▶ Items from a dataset

>>>>

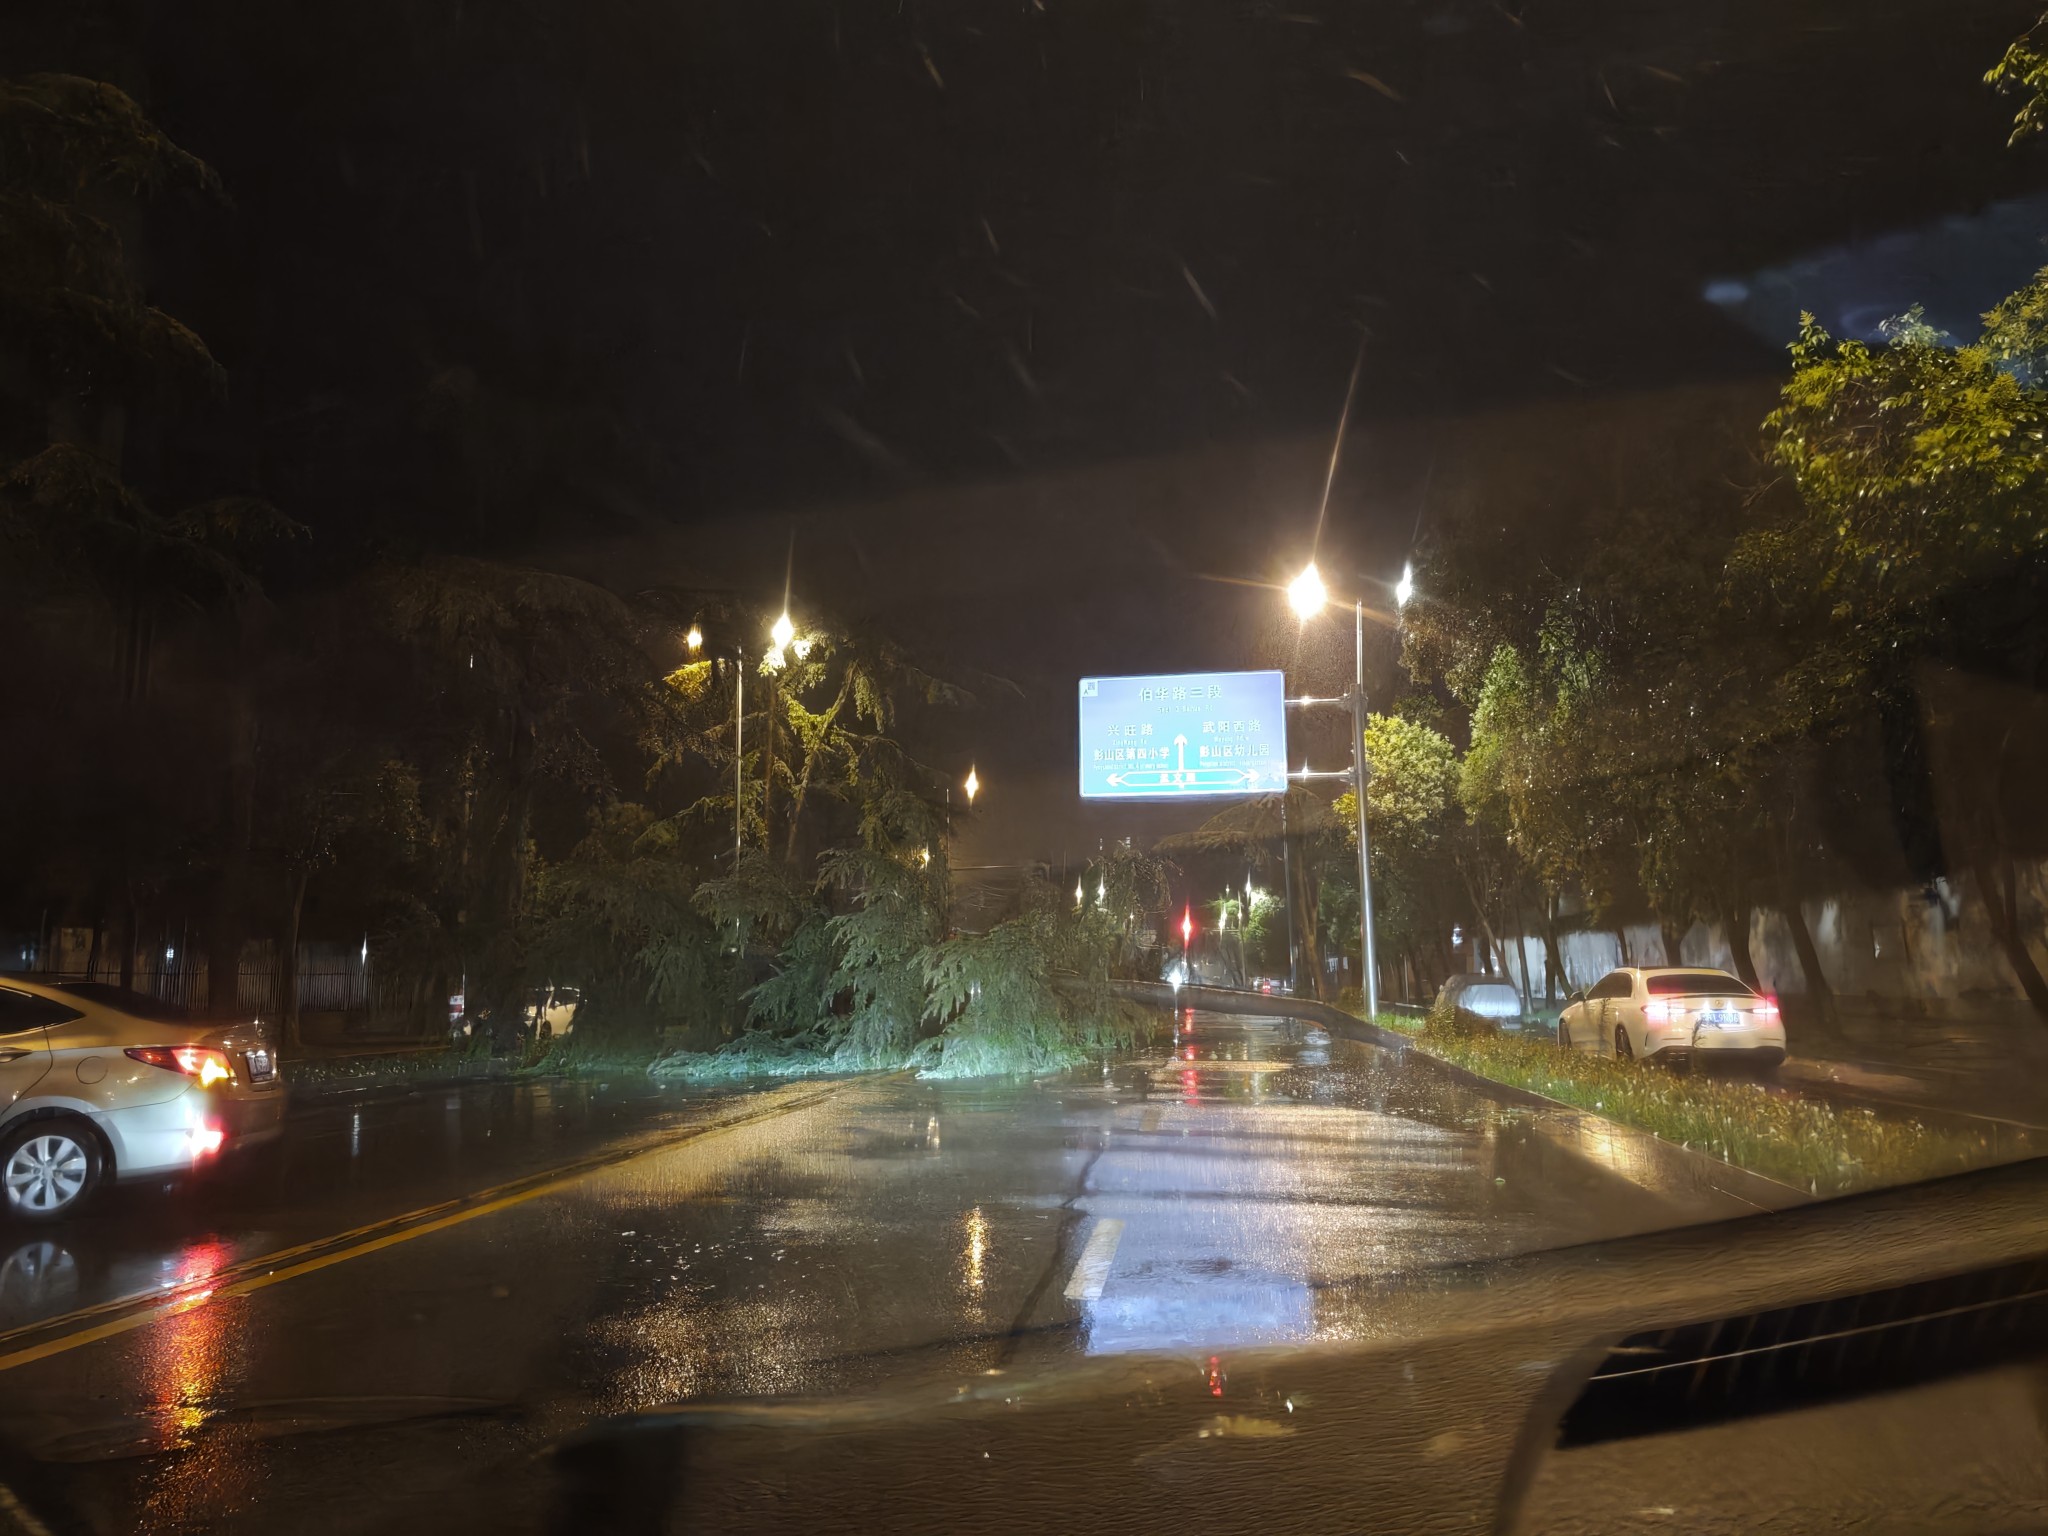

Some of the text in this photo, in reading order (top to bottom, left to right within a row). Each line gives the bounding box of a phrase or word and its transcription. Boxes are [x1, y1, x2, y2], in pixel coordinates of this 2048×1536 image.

[1138, 684, 1222, 702] 伯华路三段
[1107, 723, 1153, 736] 兴旺路
[1202, 719, 1262, 733] 武阳西路
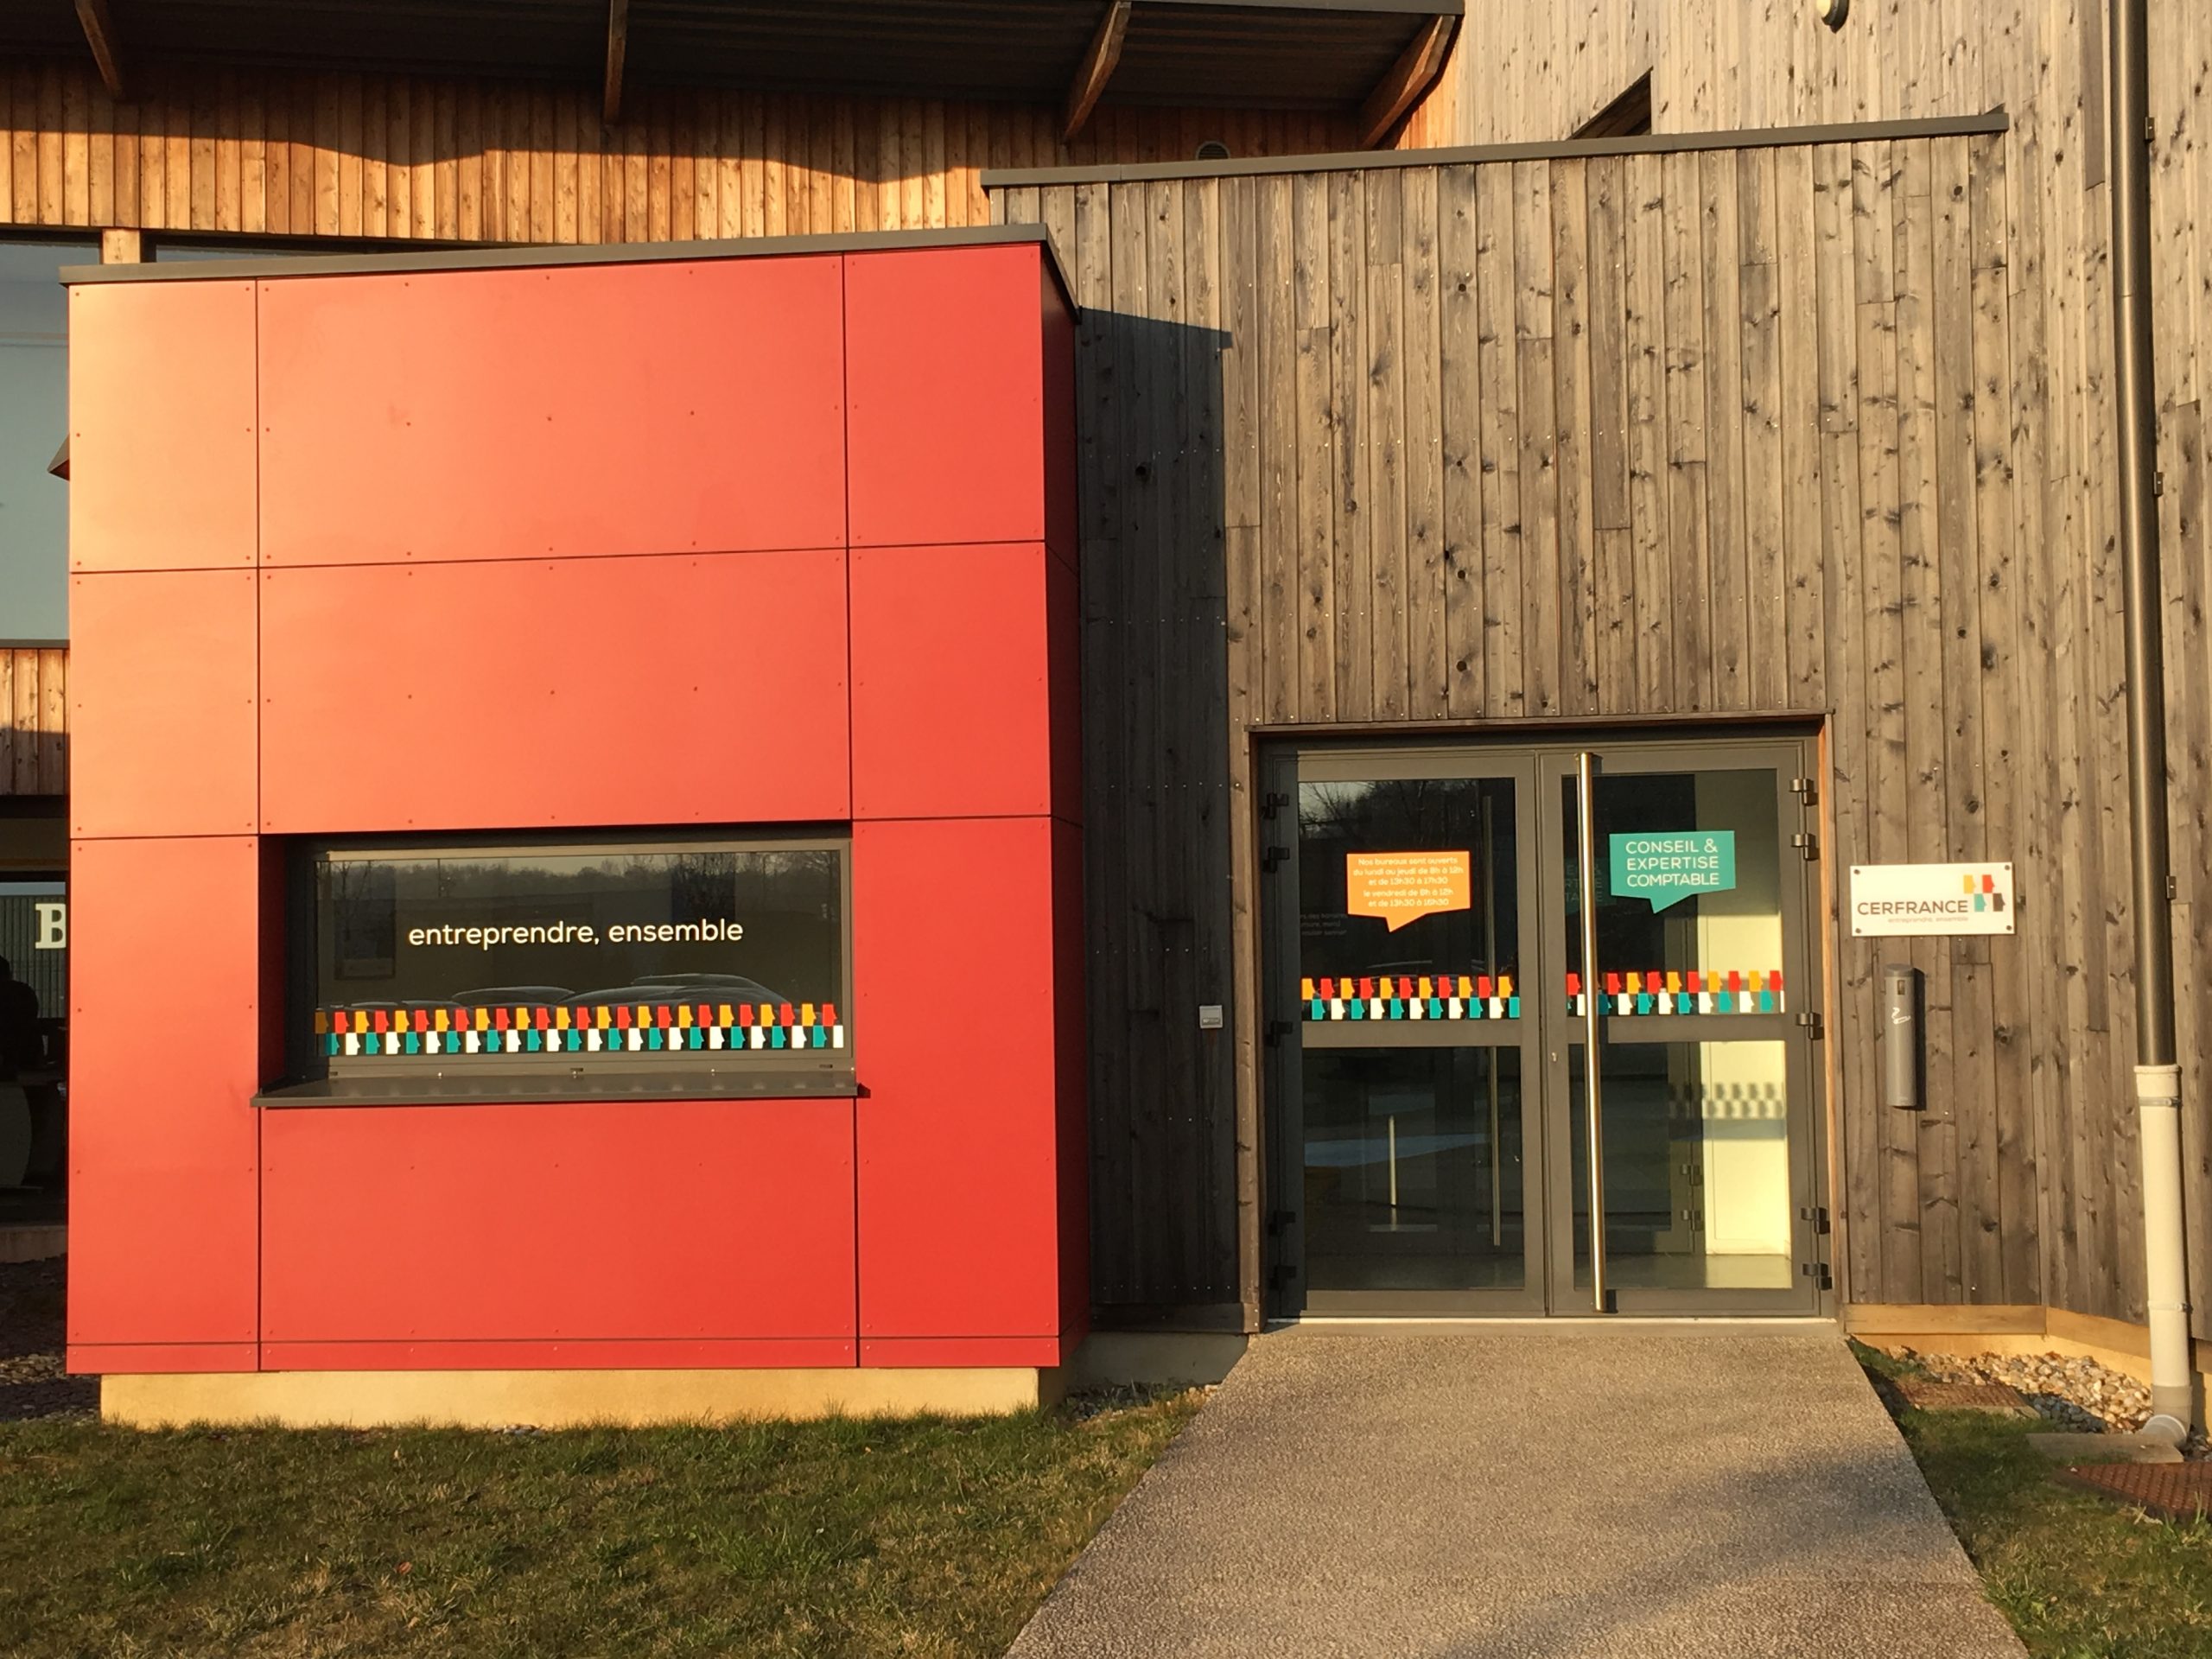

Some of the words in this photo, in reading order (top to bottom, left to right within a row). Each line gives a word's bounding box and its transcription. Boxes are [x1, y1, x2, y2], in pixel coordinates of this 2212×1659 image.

[1625, 840, 1699, 855] CONSEIL
[1703, 838, 1719, 853] &
[1427, 856, 1458, 865] ouverts
[1626, 855, 1719, 871] EXPERTISE
[1396, 867, 1416, 877] jeudi
[1626, 872, 1720, 887] COMPTABLE
[1371, 889, 1407, 898] vendredi
[1439, 887, 1454, 896] 12h
[1377, 899, 1389, 907] de
[1857, 899, 1968, 916] CERFRANCE
[408, 921, 601, 950] entreprendre,
[608, 918, 744, 942] ensemble
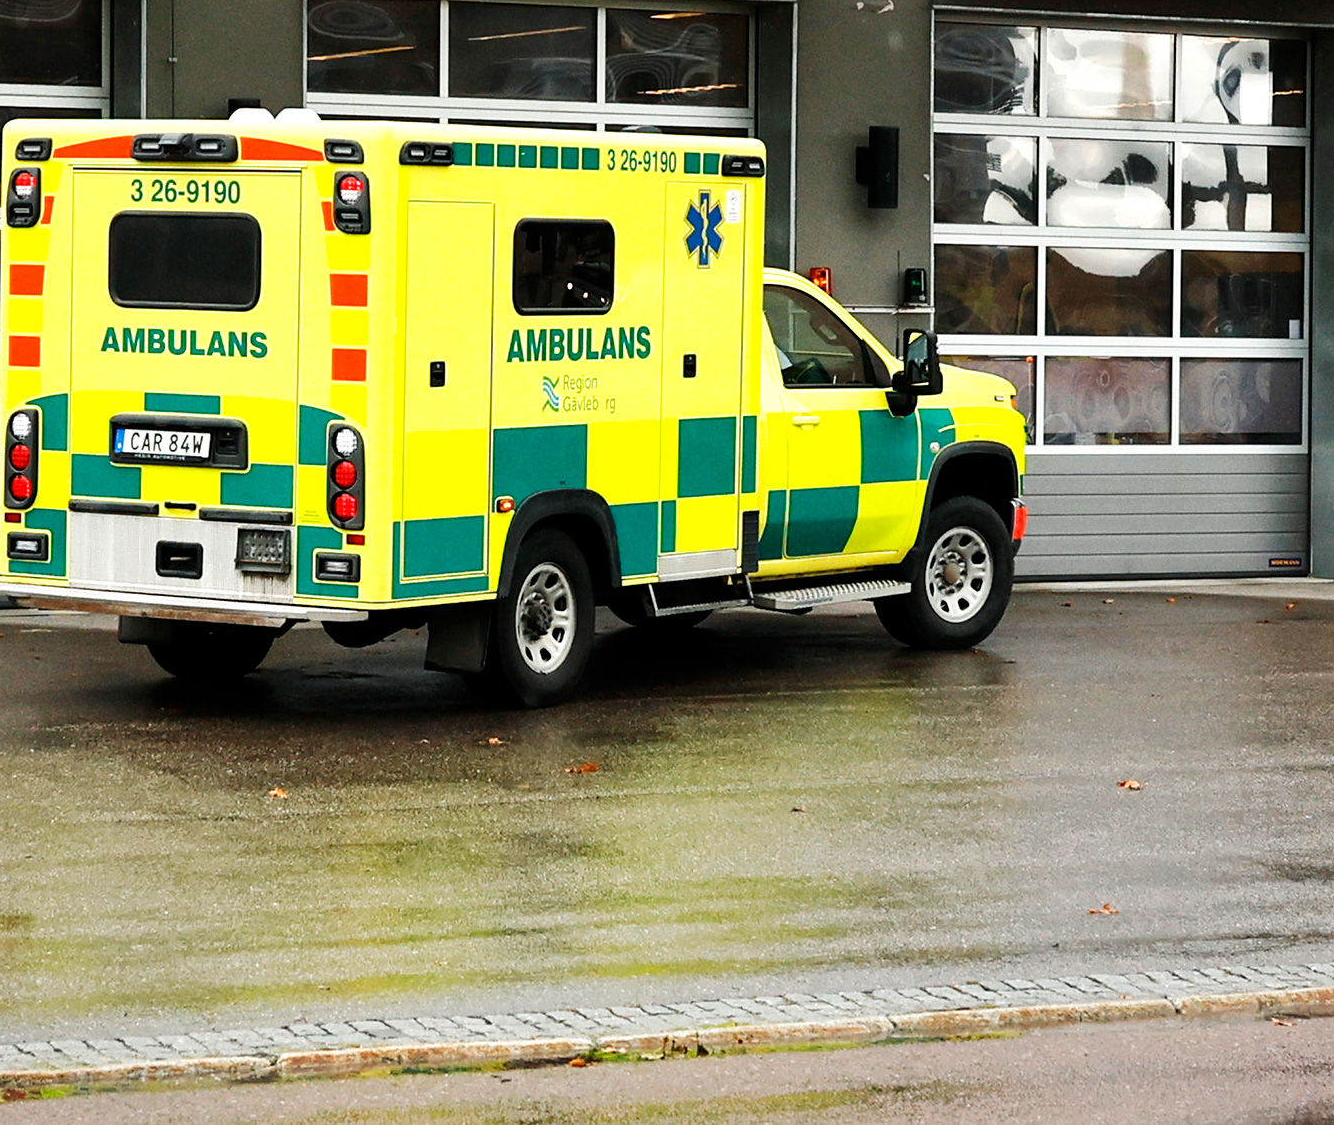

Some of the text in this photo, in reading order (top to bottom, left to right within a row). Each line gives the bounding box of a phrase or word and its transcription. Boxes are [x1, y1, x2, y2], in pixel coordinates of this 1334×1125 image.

[607, 148, 677, 173] 3 26-9190
[131, 179, 241, 204] 3 26-9190
[100, 326, 268, 359] AMBULANS
[506, 325, 651, 363] AMBULANS
[563, 374, 598, 394] Region
[562, 395, 616, 414] Gävlebrg
[131, 432, 204, 454] CAR 84W

<<<<

Output all the records above again exactly, with the pictures dropped.

Some of the text in this photo, in reading order (top to bottom, left to right within a row). Each line gives the bounding box of a phrase or word and its transcription. Boxes are [x1, y1, x2, y2], in pixel coordinates of this 2048×1536 image.

[1138, 684, 1222, 702] 伯华路三段
[1107, 723, 1153, 736] 兴旺路
[1202, 719, 1262, 733] 武阳西路

Some of the words in this photo, in reading order (top to bottom, left to right within a row). Each line gives a word's bounding box and its transcription. Boxes are [x1, y1, x2, y2], in pixel coordinates of this 2212×1659 image.

[1625, 840, 1699, 855] CONSEIL
[1703, 838, 1719, 853] &
[1427, 856, 1458, 865] ouverts
[1626, 855, 1719, 871] EXPERTISE
[1396, 867, 1416, 877] jeudi
[1626, 872, 1720, 887] COMPTABLE
[1371, 889, 1407, 898] vendredi
[1439, 887, 1454, 896] 12h
[1377, 899, 1389, 907] de
[1857, 899, 1968, 916] CERFRANCE
[408, 921, 601, 950] entreprendre,
[608, 918, 744, 942] ensemble

Some of the text in this photo, in reading order (top to bottom, left to right within a row). Each line gives the bounding box of a phrase or word and its transcription. Boxes are [x1, y1, x2, y2], in pixel coordinates of this 1334×1125 image.

[607, 148, 677, 173] 3 26-9190
[131, 179, 241, 204] 3 26-9190
[100, 326, 268, 359] AMBULANS
[506, 325, 651, 363] AMBULANS
[563, 374, 598, 394] Region
[562, 395, 616, 414] Gävlebrg
[131, 432, 204, 454] CAR 84W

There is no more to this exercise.